Es mucho más difícil, sin embargo, ayudar a las familias con menor “capital cultural” (Lahire,2003) a aprender cómo acompañar a sus hijas e hijos en su trayectoria escolar. Avanzar en este objetivo requiere una intervención a largo plazo realizada por profesionales del trabajo social en coordinación estrecha con los centros educativos. Trasmitir a los hijos altas expectativas y hacerlos sentirse capaces de alcanzarlas, valorar ante ellos la importancia de la educación, regular su tiempo de estudio buscando un adecuado equilibrio con otras actividades también necesarias, apoyarlos en las tareas escolares sin suplir su competencia, o tener tiempo para hablar de sus experiencias en el colegio o instituto y saber captar señales de su estado de ánimo, son algunos ejemplos de los recursos familiares que más influencia tienen en el éxito educativo. Muchas familias carecen de los conocimientos y el tiempo que estos recursos suponen. No por su culpa, sino porque ellas mismas no han recibido la adecuada formación. Es un círculo vicioso perverso que es urgente romper. En España los hijos heredan el nivel formativo de los padres en una proporción mayor que en el resto de Europa. Nuestro sistema educativo ha disminuido su capacidad de actuar como “ascensor social” debido a lo que los expertos señalan como un suelo y techo formativo “pegajosos” de los que resulta difícil escapar. Como se recoge en un reciente informe (OCDE, 2020), la mayoría de los hijos de los padres que tienen una peor formación (un 56%) terminan con un nivel igual de bajo, un porcentaje muy superior a la media de la OCDE (un 42%). Reducir la desigualdad de nuestro sistema educativo, que la pandemia ha puesto tan claramente de manifiesto, implica una mirada amplia y ambiciosa que movilice recursos escolares y sociales en una intervención conjunta a largo plazo.

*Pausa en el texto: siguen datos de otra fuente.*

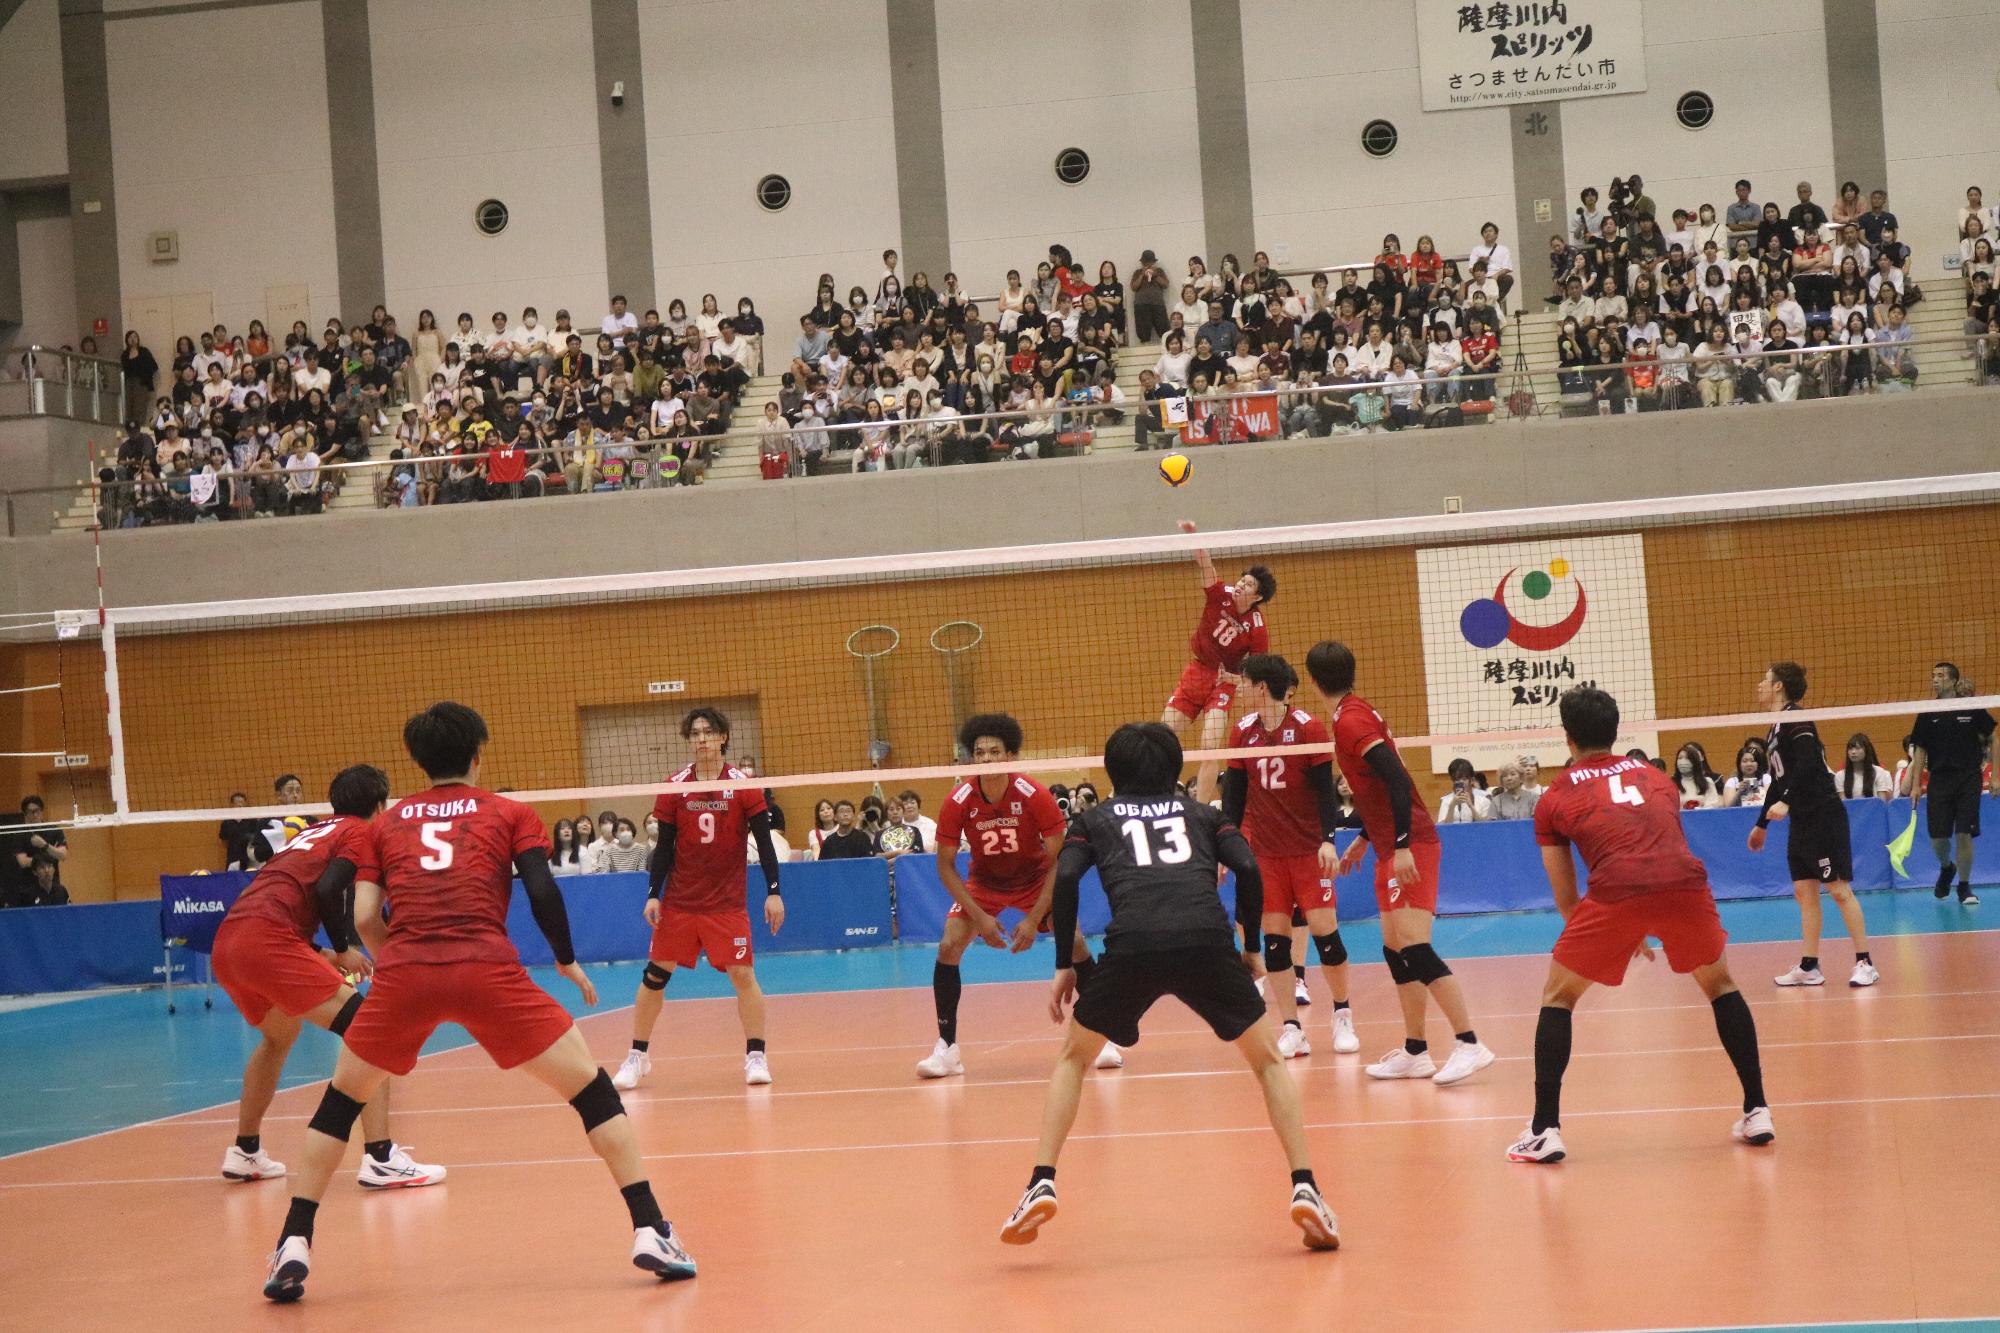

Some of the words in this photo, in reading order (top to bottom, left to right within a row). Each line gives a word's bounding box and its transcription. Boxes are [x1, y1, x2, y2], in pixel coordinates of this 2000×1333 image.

[1457, 1, 1567, 33] 薩摩川内
[1491, 24, 1593, 61] スピリッツ
[1449, 58, 1616, 90] さつませんだい市
[1525, 112, 1548, 136] 北
[1213, 619, 1238, 647] 18
[1484, 656, 1575, 684] 薩摩川内
[1257, 757, 1287, 789] 12
[1608, 774, 1645, 806] 4
[401, 798, 478, 819] OTSUKA
[1113, 801, 1185, 818] OGAWA
[698, 812, 715, 844] 9
[981, 828, 1019, 856] 23
[1122, 817, 1193, 867] 13
[420, 821, 454, 871] 5

La coordinación con la familia es, por tanto, esencial, y la crítica que el autor señala del papel secundario que la escuela suele otorgarle me parece otra de las valiosas reflexiones del libro, ya que se enmarca en un análisis más amplio de la naturaleza de los contextos educativos formales e informales. Junto con las actuaciones que Nacho Pozo propone, considero muy importante avanzar también en la línea del “aprendizaje conectado” (Ito, et al., 2013). Esta iniciativa, apoyada por la Fundación McArthur, enriquece las experiencias escolares de los jóvenes con actividades en bibliotecas, museos, laboratorios y otras instancias que diseñan conjuntamente con las escuelas. Como señala César Coll (2018), las TIC han ampliado los contextos de aprendizaje más allá de la escuela y, a menudo, niños, niñas y jóvenes encuentran más sentido a la forma de aprender en estos escenarios. Ayudar a construir trayectorias de aprendizaje que conecten e integren las experiencias del aprendiz en esta diversidad de prácticas sociales es una estrategia fundamental para personalizar el aprendizaje.

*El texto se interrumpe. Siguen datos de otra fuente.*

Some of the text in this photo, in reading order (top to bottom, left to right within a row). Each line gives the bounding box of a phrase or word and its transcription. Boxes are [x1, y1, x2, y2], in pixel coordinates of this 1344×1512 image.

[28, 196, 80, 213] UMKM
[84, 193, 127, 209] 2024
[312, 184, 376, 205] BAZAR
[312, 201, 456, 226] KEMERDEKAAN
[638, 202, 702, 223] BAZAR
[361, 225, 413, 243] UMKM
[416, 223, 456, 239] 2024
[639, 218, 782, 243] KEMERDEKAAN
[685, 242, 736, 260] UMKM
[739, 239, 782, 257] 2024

Sabemos la importancia que hoy en día tienen las actividades extraescolares y otros espacios informales en la educación de nuestros hijos e hijas y cómo estos contextos se están convirtiendo cada vez más en fuente de inequidad. El interesante informe de Bonal y González (2020) recoge datos muy claros acerca de la influencia del nivel socioeconómico y cultural de la familia en el negativo efecto de la pandemia también en este ámbito educativo. Las todavía escasas experiencias de “Planes Educativos de Territorio”, en los que se articulan todos los recursos de un determinado sector geográfico para hacer una oferta educativa integrada, son un ejemplo muy interesante de cómo ir avanzando en esta dirección2.

 

Junto con las debilidades que la COVID-19 ha revelado en el sistema educativo, también ha permitido a muchos docentes tomar conciencia de algunos aspectos del aprendizaje y de la enseñanza que el discurso de la innovación venía proponiendo hace tiempo, pero que para ellos eran propuestas que no habían llevado a la práctica. Como hemos señalado en otro lugar (Martín, 2020), se ha hecho patente la importancia del estado emocional del alumnado, no solo como un factor disruptivo y marginal del aprendizaje, sino como un ingrediente esencial del mismo que el profesorado debe tener en cuenta en su instrucción tanto o más que las variables cognitivas. Hemos comprobado también la importancia de la diversidad del alumnado. No solo en relación con las desigualdades de las que ya hemos hablado, sino en cuanto a la posibilidad que hemos tenido de descubrir características de nuestros alumnos y alumnas que hasta ese momento nos habían resultado invisibles.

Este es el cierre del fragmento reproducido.